I was just like, "God, just let him live. I will quit my job and do whatever it is to take care of him if I need to. Just let him live." He was fighting for his life. But then his heart stopped. They came out and said he'd gone and I remember saying, "God, come on!" He's my only child and he means everything to me. Now I don't understand what you're telling me."

I ran through the crowds of people because I just didn't want to deal with that. And I just collapsed on the floor.

promotion
A young Blair with Annette for Annette's lieutenant promotion ceremony.

I have so many memories with Blair. All these trips we used to take. He was so smart. He was such a handsome young child becoming a man. He was starting to get this facial hair growing long. I remember looking at him thinking, "Man, he's blowing up."
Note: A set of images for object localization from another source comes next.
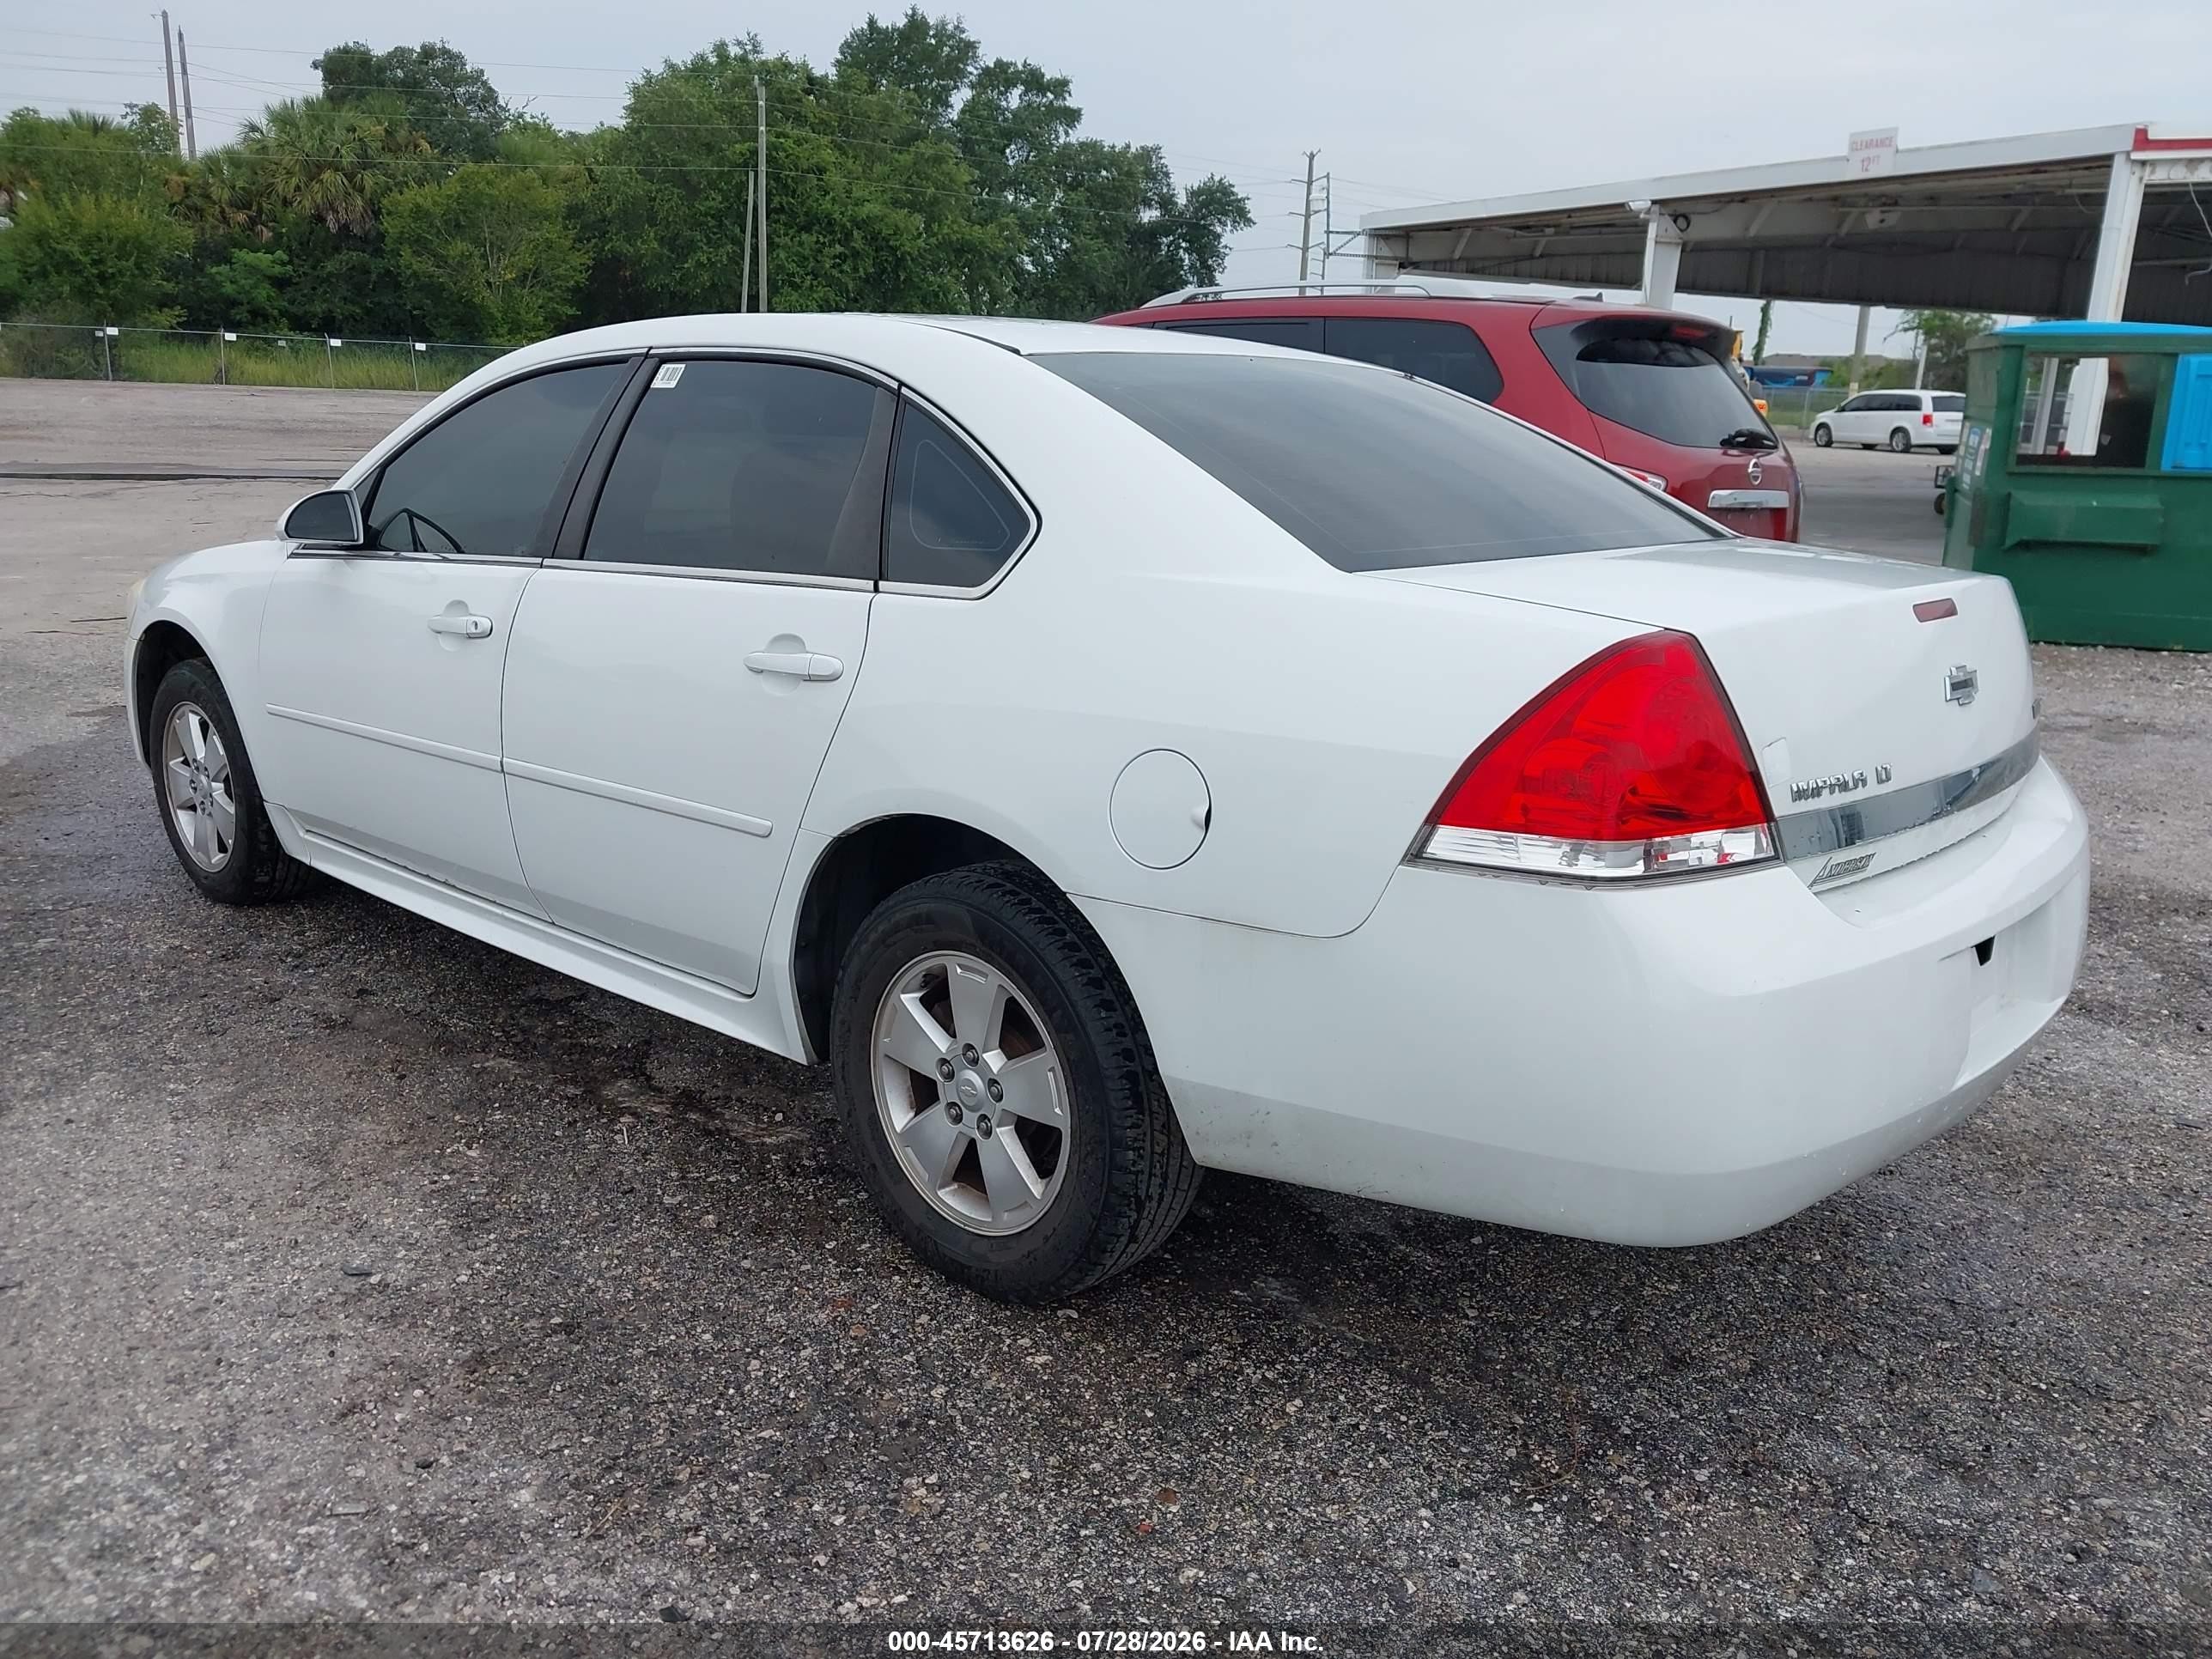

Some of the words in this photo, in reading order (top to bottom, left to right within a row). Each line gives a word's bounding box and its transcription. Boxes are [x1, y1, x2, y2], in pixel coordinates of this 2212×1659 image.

[1850, 137, 1894, 152] CLEARANCE
[1790, 769, 1868, 802] IMPALA
[1875, 763, 1893, 784] LT
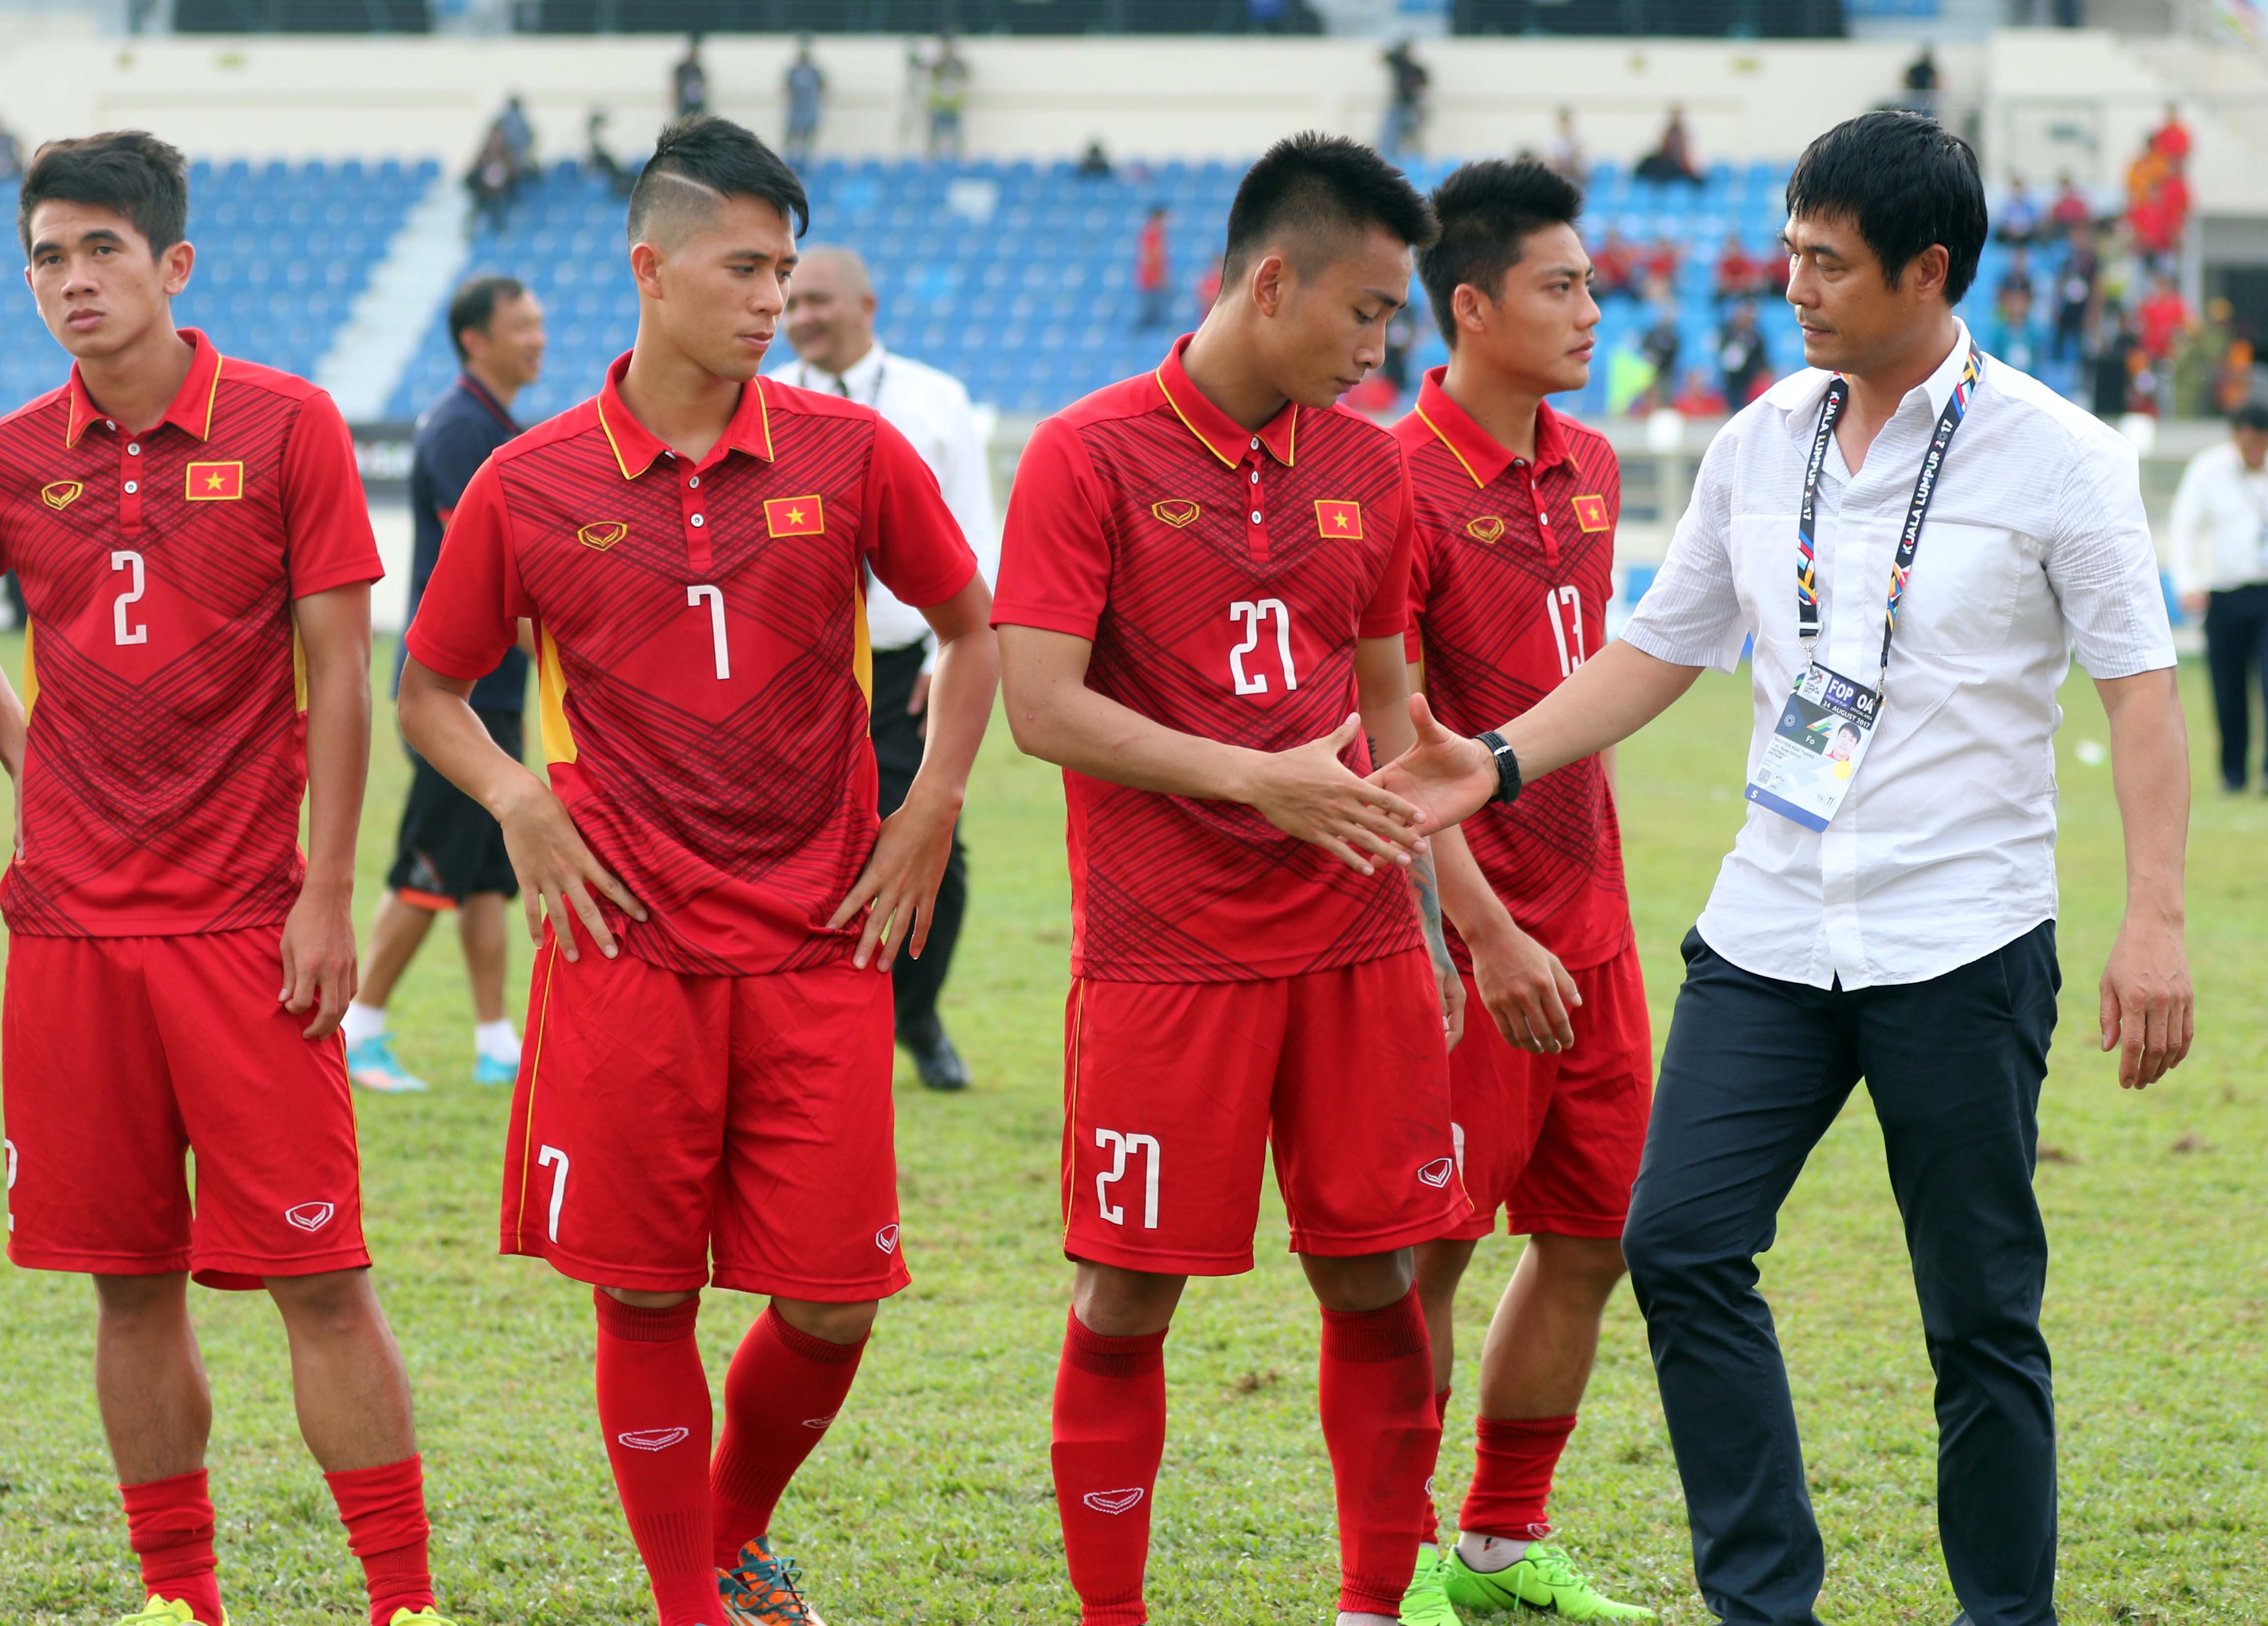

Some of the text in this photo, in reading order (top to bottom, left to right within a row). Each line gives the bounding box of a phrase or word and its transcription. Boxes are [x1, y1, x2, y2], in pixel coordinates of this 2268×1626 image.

[1820, 391, 1841, 433] KUALA
[1807, 434, 1826, 486] LUMPUR
[1901, 509, 1923, 555] KUALA
[1915, 451, 1941, 506] LUMPUR
[111, 550, 147, 646] 2
[687, 585, 730, 680] 7
[1547, 585, 1585, 678] 13
[1229, 598, 1296, 696] 27
[1823, 700, 1871, 728] 24 AUGUST 2017
[1828, 679, 1854, 701] FOP
[1856, 694, 1874, 714] OA
[1805, 735, 1816, 745] Fo
[1750, 790, 1759, 798] S
[538, 1145, 569, 1244] 7
[1095, 1128, 1160, 1229] 27
Now I don't have anybody to teach me about the new cell phones, the new dances and the cool new music. I think about how happy he'd be that certain things have changed and upset and disappointed that other things have stayed the same. That so many young people still don't have opportunities or jobs and still aren't treated fairly. He was beyond his time, being so socially conscious, knowing so much about life and what was going on.

He read books like crazy. He loved to read. He liked reading Malcolm X, and the last book he had was a book about Martin Luther King Jr. because he'd just gone to Atlanta for a college tour. He read some fiction and more serious books, too. And he wrote poetry about things that were happening in Chicago. He felt that black kids needed education. And he wrote something about how he knew one day he'd see me grieving.

blair grandma grandpa
Blair with his grandfather and grandmother at his eighth grade graduation ceremony.

I don't care what any report says, the city is not improving on violence. When young people still have guns in their hands, it's not improving. I speak to school groups, and the kids say it's faster and easier to get a gun than anything else. Can't get an education, can't get a job, but you can get a gun.

I don't want more parents to experience what I experienced. For the rest of your life, your memory of your child is your child being murdered. Of standing at the funeral home trying to decide if it's real life. Of going to the morgue and seeing your kid lying on a cold slab. He's the first thing on my mind in the morning and the last thing at night.

I look at his friends now and they've finished college, they're getting married and starting families. I'll never be a grandmother and I'll never have grandchildren or a daughter-in-law. I'll never have those experiences that are normal to most families.

I won't have any of that. We never got to say goodbye; he was just snatched.

blair high school
Blair's final high school yearbook photo.

In 2007, Nance-Holt co-founded Purpose Over Pain, a group for parents who have lost children to gun violence. As told to Joseph Erbentraut.